FINALLY!.....Report: FCC Staff Backs AOL-TW Deal

WASHINGTON (Reuters) - The staff of the Federal Communications Commission
(FCC)
has recommended the agency approve the $183 billion merger of America Online Inc
(NYSE:AOL - news) and Time Warner Inc (NYSE:TWX - news), if the firms agree
to
conditions on Internet access, the Washington Post reported Thursday.
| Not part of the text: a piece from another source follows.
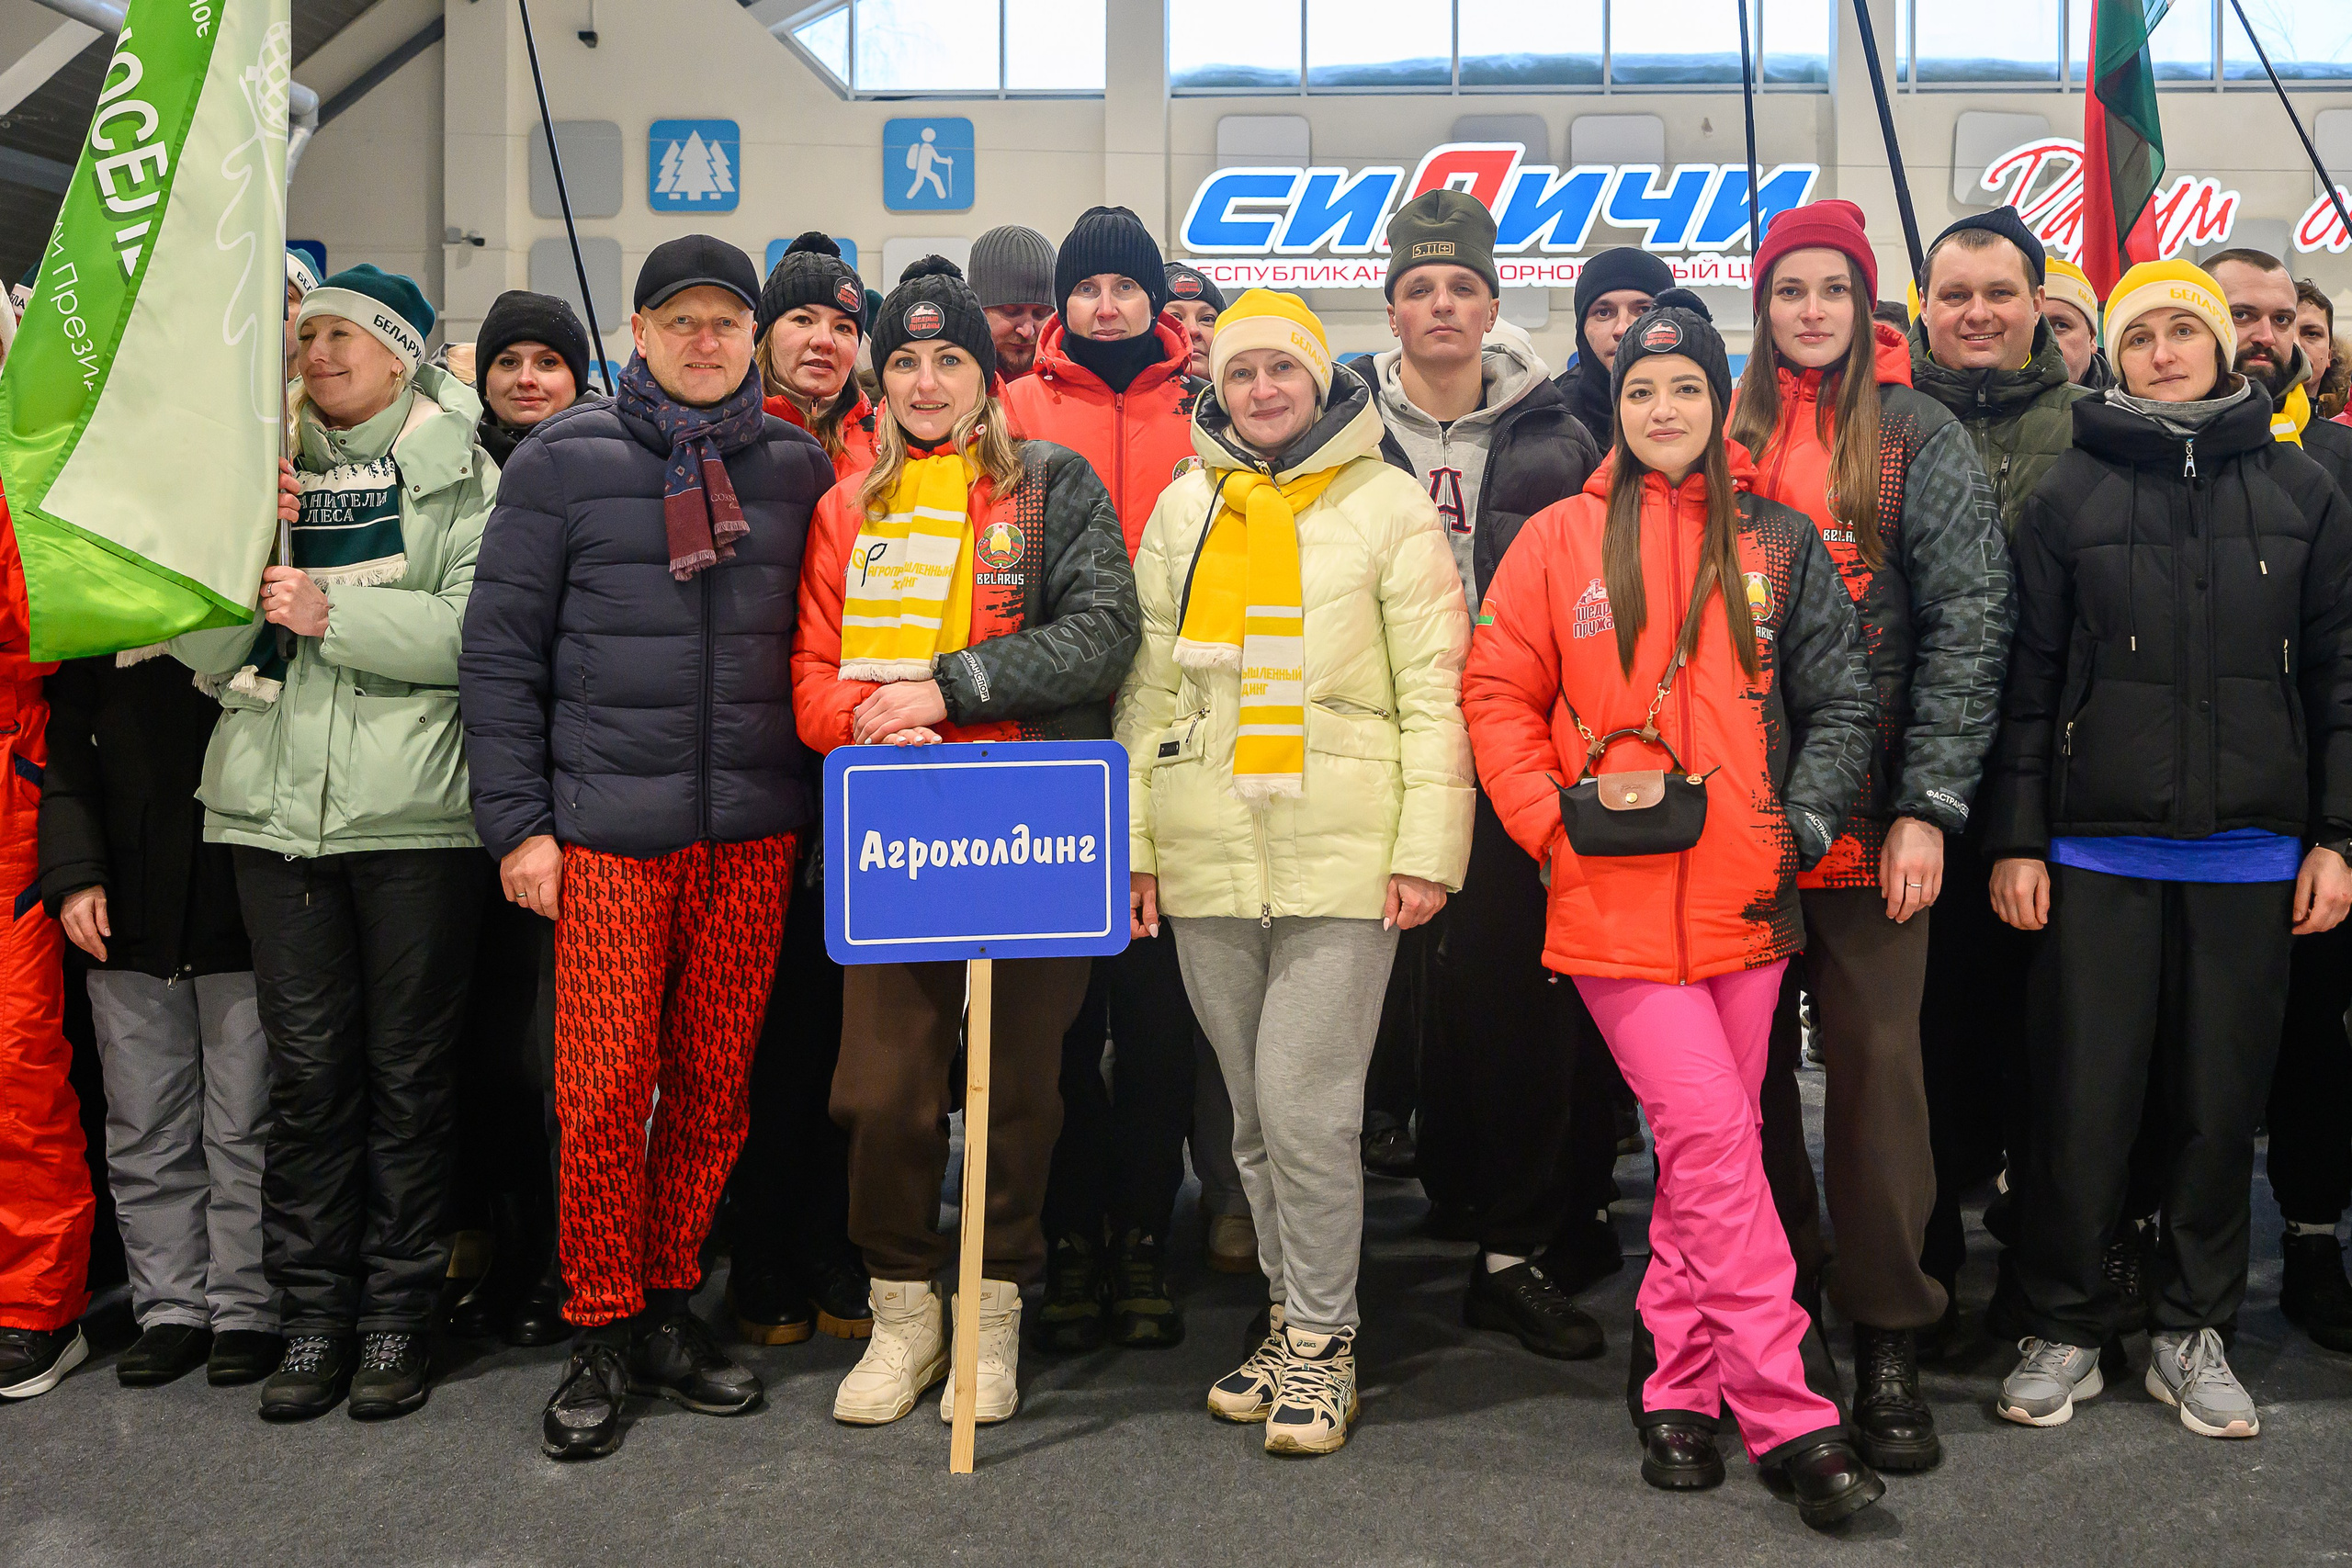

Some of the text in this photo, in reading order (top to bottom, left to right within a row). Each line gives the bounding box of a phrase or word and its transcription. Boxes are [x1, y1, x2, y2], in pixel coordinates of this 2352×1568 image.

[305, 508, 355, 524] ЛЕСА
[976, 573, 1025, 585] BELARUS
[858, 823, 1097, 881] Агрохолдинг
The paper said it had obtained a draft order, but quoted sources as saying the
document
represented an early snapshot of FCC staff thinking and that the review was not
complete.
The sources told the Post the FCC could still move to block the deal if the companies
did
not accept substantial conditions.

One condition outlined in the draft would require the companies to make legally binding
their pledge to allow rival providers of
high-speed Internet access to reach customers over their cable television systems, the
Post reported.

The draft order raises concerns about the intensifying control of the nation's cable
television systems by a handful of huge
companies at a time when the industry has emerged as the leader in high-speed Internet
service.

But it concludes that an ``open access'' condition -- a rule requiring that Time Warner's
cable customers be allowed to freely
choose their Internet provider -- would sufficiently protect against potential collusion
by the company with AT&T Corp
(NYSE:T - news).

AT&T and Time Warner, the nation's two largest providers of cable service, are joint
investors in a cable partnership. AOL is
the world's most-frequented gateway to the global computer system.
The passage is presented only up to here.